03 December 2010


PIONEER 10. The Pioneer and Voyager spacecraft are among the marvels of space exploration. On this day in 1972, Pioneer 10 became the first manmade object to make direct observations of the planet Jupiter, on its way to also becoming the first manmade object set on a trajectory which would carry it entirely out of the solar system. All these remarkable craft were feats of design and engineering, using technologies which today seem primitive. Yet they surpassed by many years their assigned lifespans. The last weak signals from Pioneer 10 was received in January 2003, when it was 7.5 billion miles from Earth (more than eighty times the distance from Earth to the sun). The information gained was invaluable in planning future missions, in understanding the makeup of our solar system, and even in developing the study of chaos theory. Pioneer and Voyager, wherever you are, long may you sail.

FRINGE SCIENCE. Most of us are by now aware of NASA's discovery of GFAG-1, a rod-shaped bacterium which, when deprived of the essential chemical element phosphorus, appears to be capable of substituting highly toxic element arsenic into its DNA makeup. This is not unlike discovering an alien species among us. (The discovery took place at Mono Lake in California -- see the image below, click to enlarge.) Many scientists may reconsider their assumptions about how life can evolve, and in what conditions it may exist -- not only on our home planet, but elsewhere in the universe as well.

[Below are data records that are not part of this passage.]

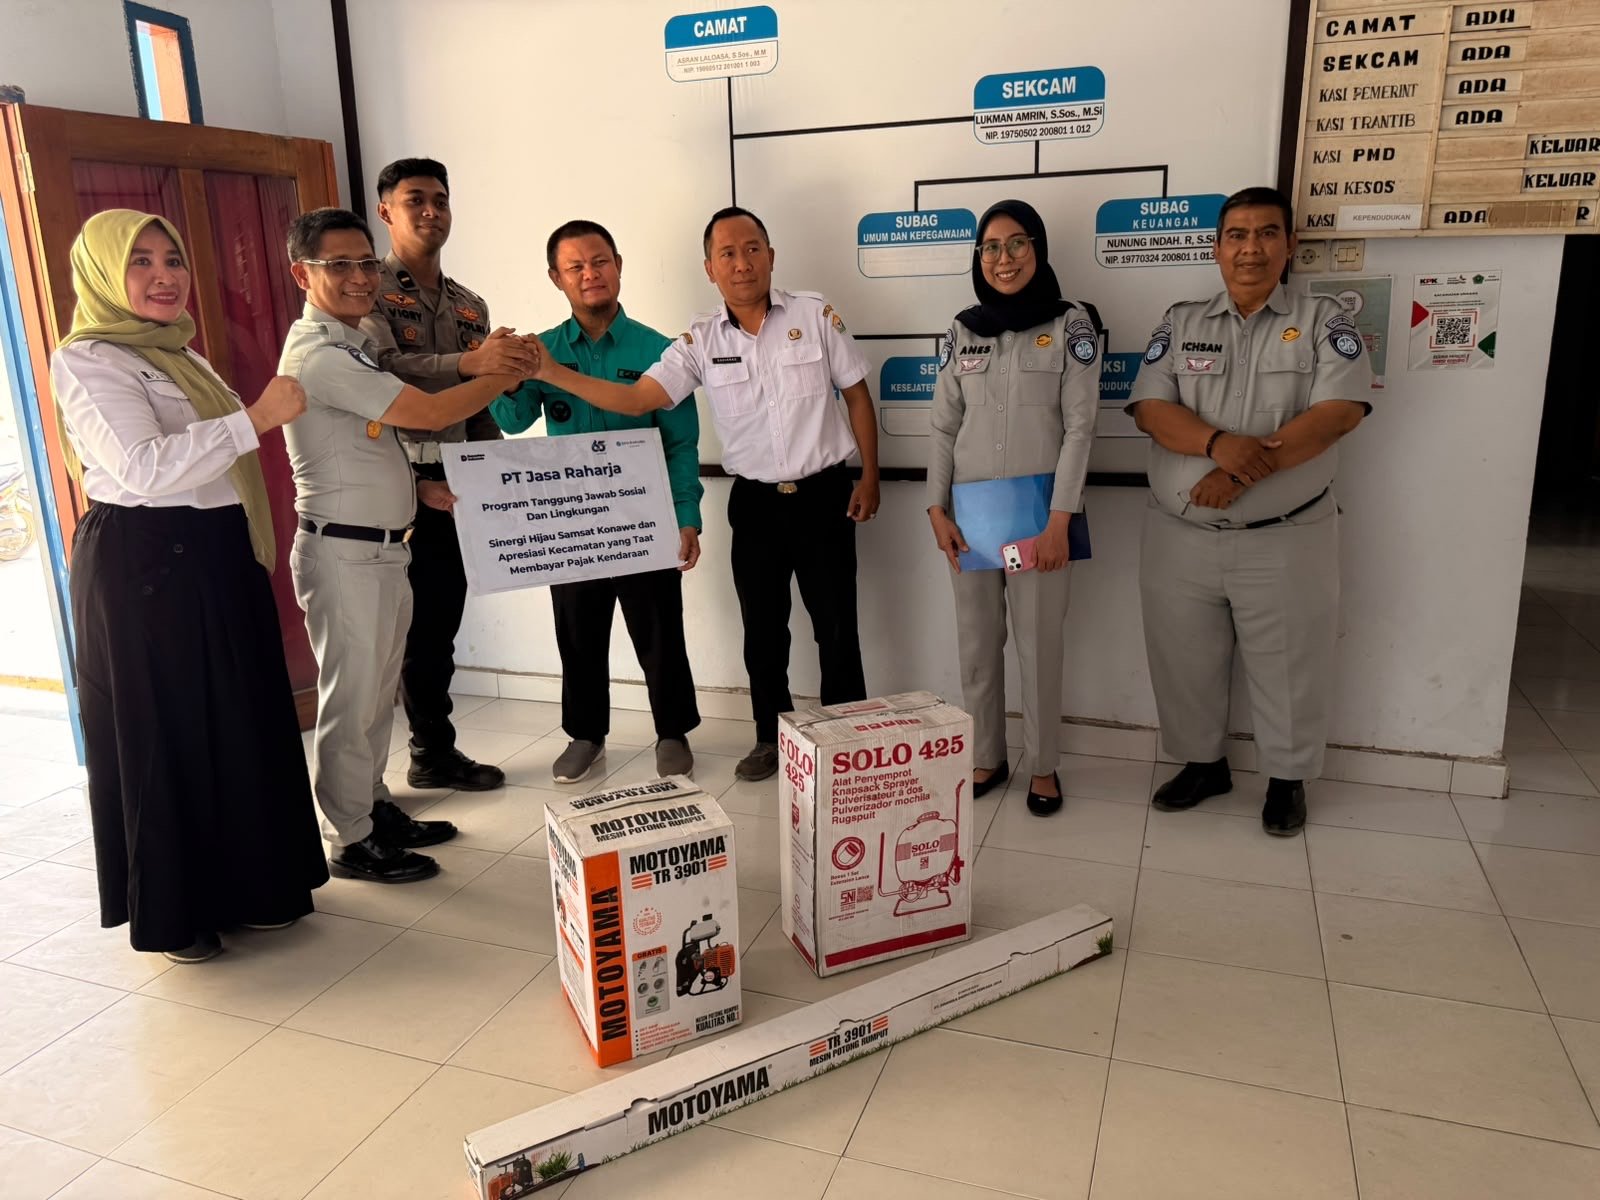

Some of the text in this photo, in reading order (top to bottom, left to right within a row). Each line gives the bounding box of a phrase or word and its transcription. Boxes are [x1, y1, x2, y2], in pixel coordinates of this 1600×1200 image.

[1326, 14, 1415, 37] CAMAT
[1465, 9, 1515, 26] ADA
[694, 16, 747, 38] CAMAT
[1323, 50, 1418, 72] SEKCAM
[1462, 45, 1511, 61] ADA
[1002, 76, 1076, 98] SEKCAM
[1319, 83, 1418, 102] KASI PEMERINT
[1458, 78, 1506, 94] ADA
[976, 112, 1013, 124] LUKMAN
[1015, 110, 1048, 122] AMRIN,
[1083, 106, 1102, 116] M.Si
[1316, 114, 1416, 132] KASI TRANTIB
[1455, 109, 1503, 125] ADA
[986, 124, 1091, 140] NIP. 19750502 200801 1 012
[1529, 137, 1600, 154] KELUAR
[1313, 147, 1395, 164] KASI PMD
[1310, 180, 1395, 196] KASI KESOS
[1524, 172, 1596, 188] KELUAR
[1140, 200, 1189, 215] SUBAG
[896, 214, 938, 228] SUBAG
[1133, 217, 1198, 229] KEUANGAN
[1307, 213, 1335, 228] KASI
[1352, 213, 1411, 222] KEPENDUDUKAN
[1444, 210, 1486, 224] ADA
[863, 229, 972, 243] UMUM DAN KEPEGAWAIAN
[1107, 238, 1147, 248] NUNUNG
[1150, 236, 1182, 246] INDAH.
[1105, 252, 1215, 264] NIP. 19770324 200801 1 013
[1182, 342, 1222, 353] ICHSAN
[591, 440, 606, 452] 65
[501, 463, 622, 485] PT Jasa Raharja
[482, 486, 646, 512] Program Tanggung Jawab Sosial
[526, 505, 610, 521] Dan Lingkungan
[488, 520, 656, 548] Sinergi Hijau Samsat Konawe dan
[498, 534, 654, 562] Apresiasi Kecamatan yang Taat
[510, 549, 649, 575] Membayar Pajak Kendaraan
[780, 732, 813, 776] SOLO
[832, 734, 964, 775] SOLO 425
[785, 762, 804, 792] 425
[832, 768, 912, 787] Alat Penyemprot
[832, 777, 919, 796] Knapsack Sprayer
[907, 785, 923, 794] dos
[832, 793, 930, 815] Pulverizador mochila
[590, 804, 702, 835] MOTOYAMA
[832, 811, 876, 824] Rugspuit
[596, 815, 706, 842] MESIN POTONG RUMPUT
[630, 836, 726, 874] MOTOYAMA
[912, 840, 940, 853] SOLO
[653, 859, 707, 884] TR 3901
[841, 891, 856, 903] SNI
[637, 947, 662, 958] GRATIS
[591, 886, 628, 1042] MOTOYAMA
[696, 1015, 725, 1032] KUALITAS
[827, 1022, 872, 1050] TR 3901
[810, 1028, 888, 1067] MESIN POTONG RUMPUT
[648, 1066, 770, 1136] MOTOYAMA
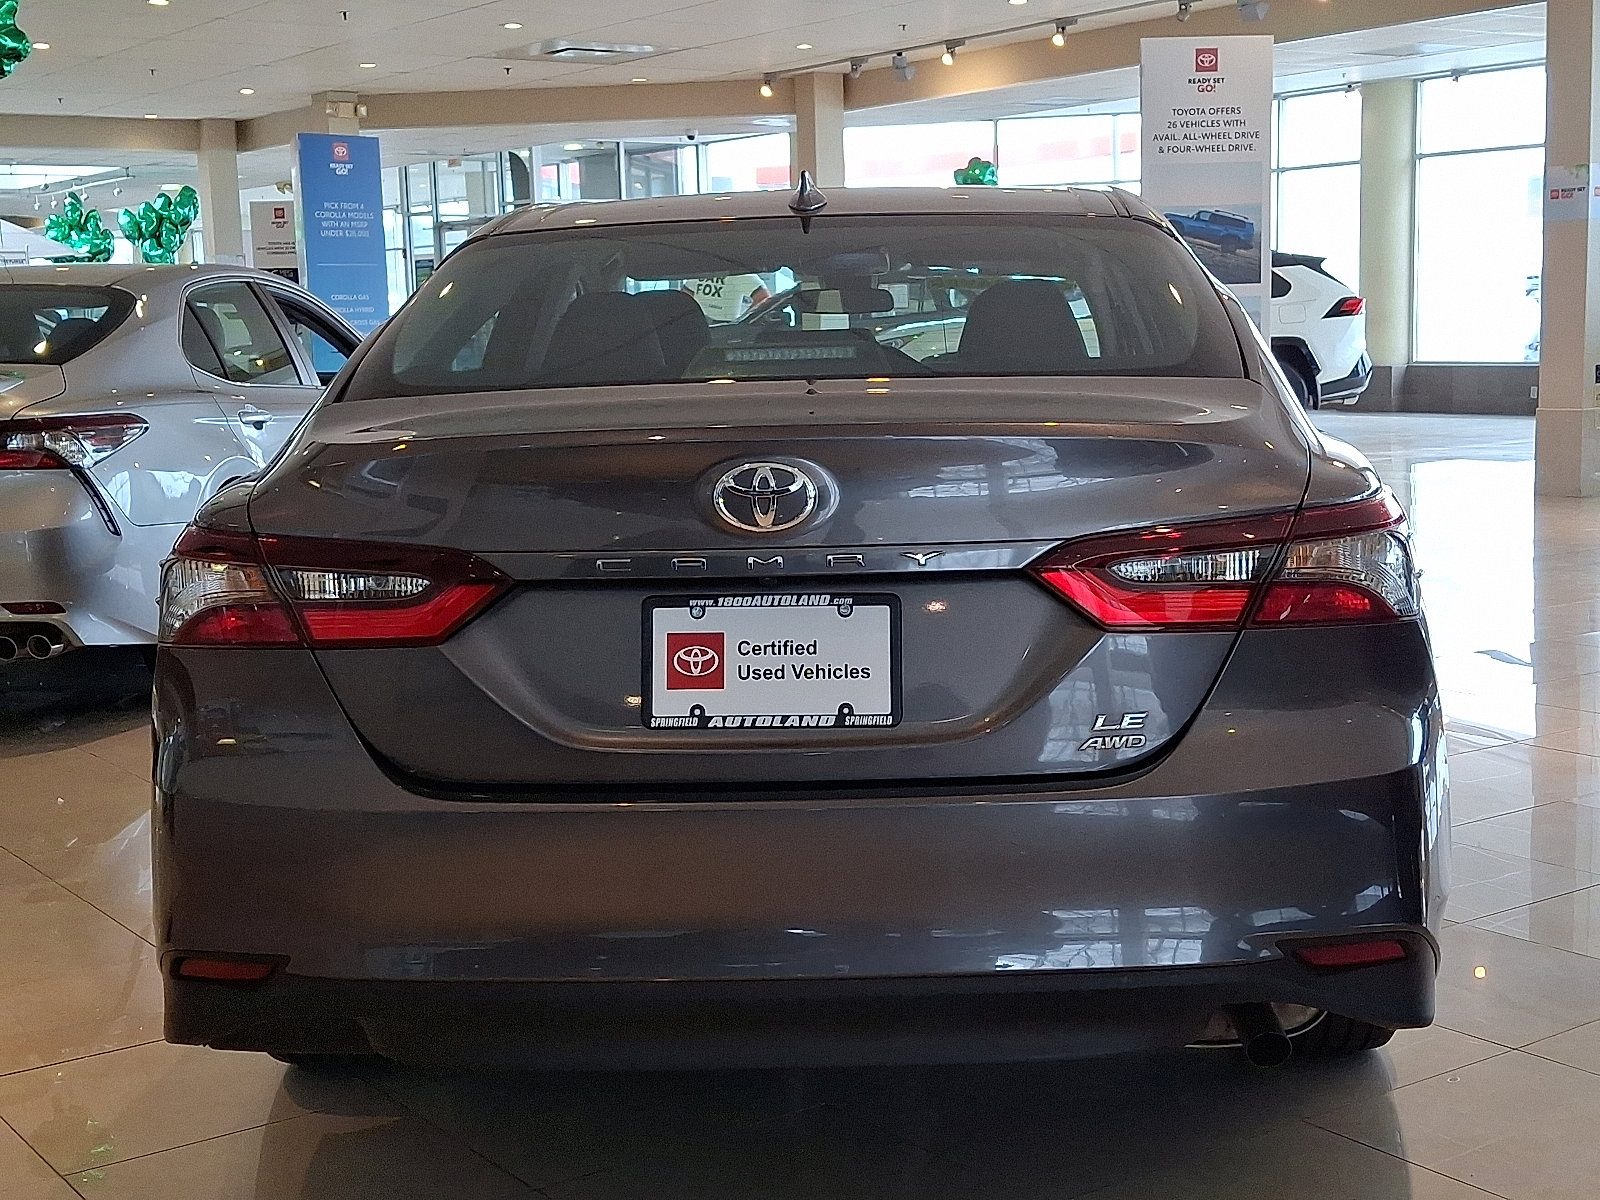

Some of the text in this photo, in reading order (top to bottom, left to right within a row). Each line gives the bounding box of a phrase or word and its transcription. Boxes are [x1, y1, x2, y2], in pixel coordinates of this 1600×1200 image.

[1197, 84, 1216, 92] GO!
[1172, 106, 1241, 116] TOYOTA OFFERS
[1167, 119, 1246, 129] 26 VEHICLES WITH
[1153, 131, 1260, 141] AVAIL. ALL-WHEEL DRIVE
[1167, 144, 1226, 153] FOUR-WHEEL
[1228, 143, 1256, 152] DRIVE.
[696, 284, 722, 297] FOX
[596, 551, 946, 571] CAMRY
[737, 640, 818, 656] Certified
[737, 664, 871, 680] Used Vehicles
[650, 716, 893, 728] SPRINGFIELD AUTOLAND SPRINGFIELD
[1091, 711, 1149, 731] LE
[1078, 734, 1147, 751] AWD
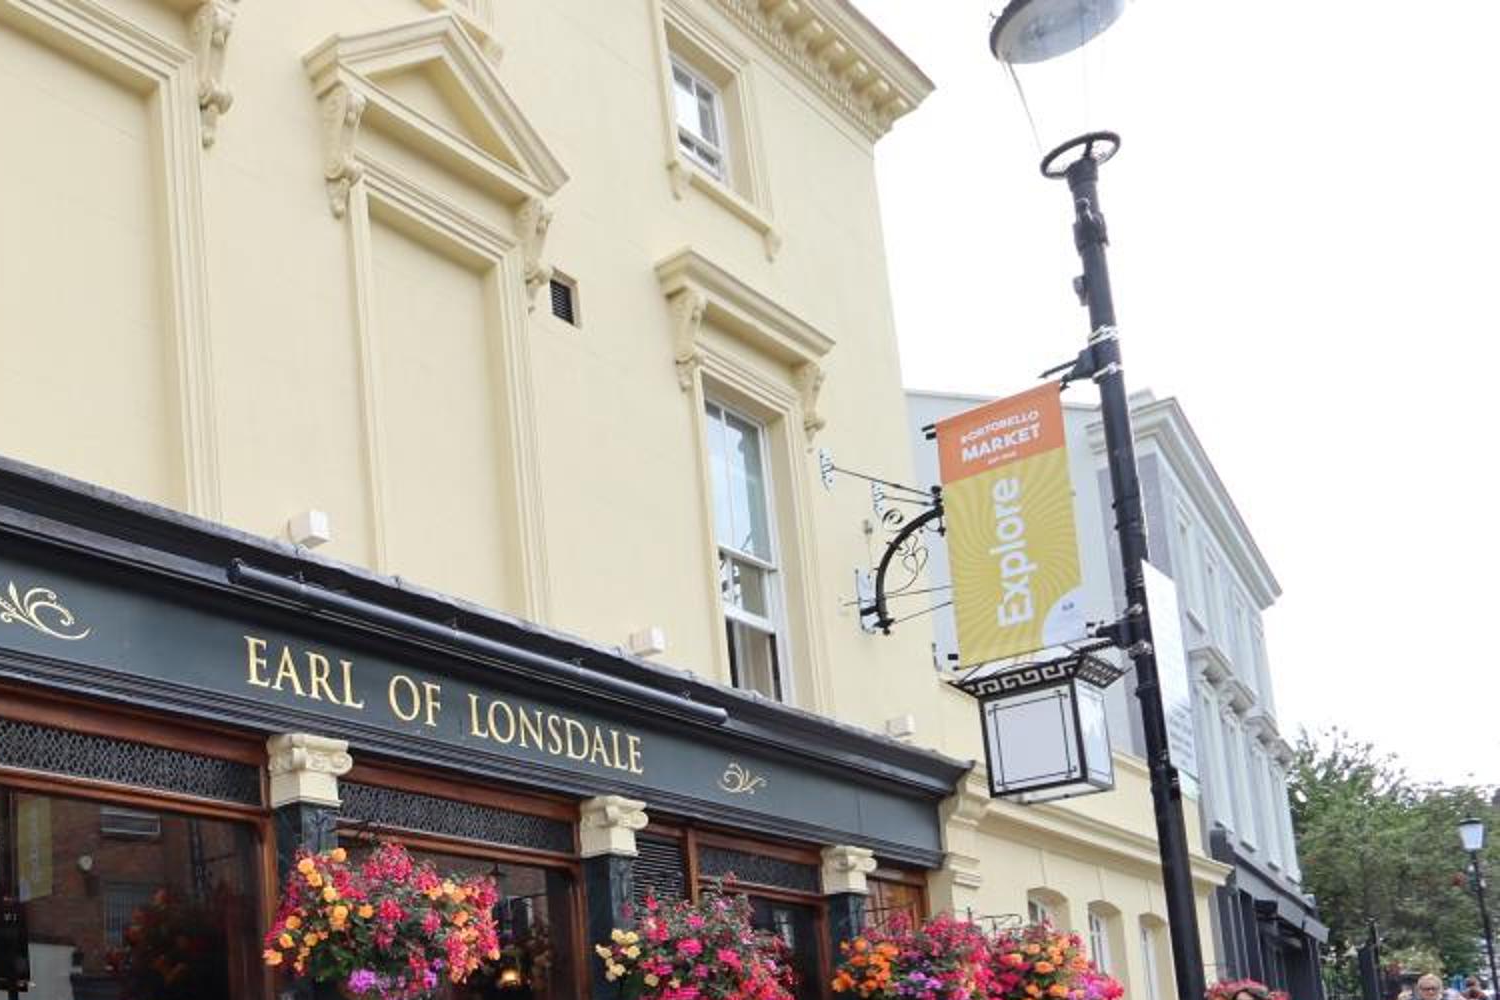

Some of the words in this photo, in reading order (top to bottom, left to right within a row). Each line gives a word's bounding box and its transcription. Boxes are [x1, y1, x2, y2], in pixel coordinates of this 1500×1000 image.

[960, 410, 1039, 444] PORTOBELLO
[961, 422, 1040, 464] MARKET
[989, 477, 1038, 628] Explore
[243, 635, 363, 709] EARL
[388, 675, 442, 727] OF
[467, 693, 645, 774] LONSDALE

The possibilities are remarkable.

When I was an undergraduate student at the University of Arizona, majoring in Ecology and Evolutionary Biology, I constantly marvelled to myself, "What could possibly be more fascinating that biology, literally the study of life?" I still think that.

On another front, thanks to Andrea Kuszewski for a heads-up on Niall Firth's article on the development of bioluminescent trees. According to Firth, "Scientists are developing ways of making trees glow so that they can be used as natural streetlights without the need of electricity. A team of researchers is experimenting with genes to allow the trait that causes fireflies to glow (bioluminescence) to be implanted into a variety of different organisms."

Shades of the Tree of Souls in the movie Avatar.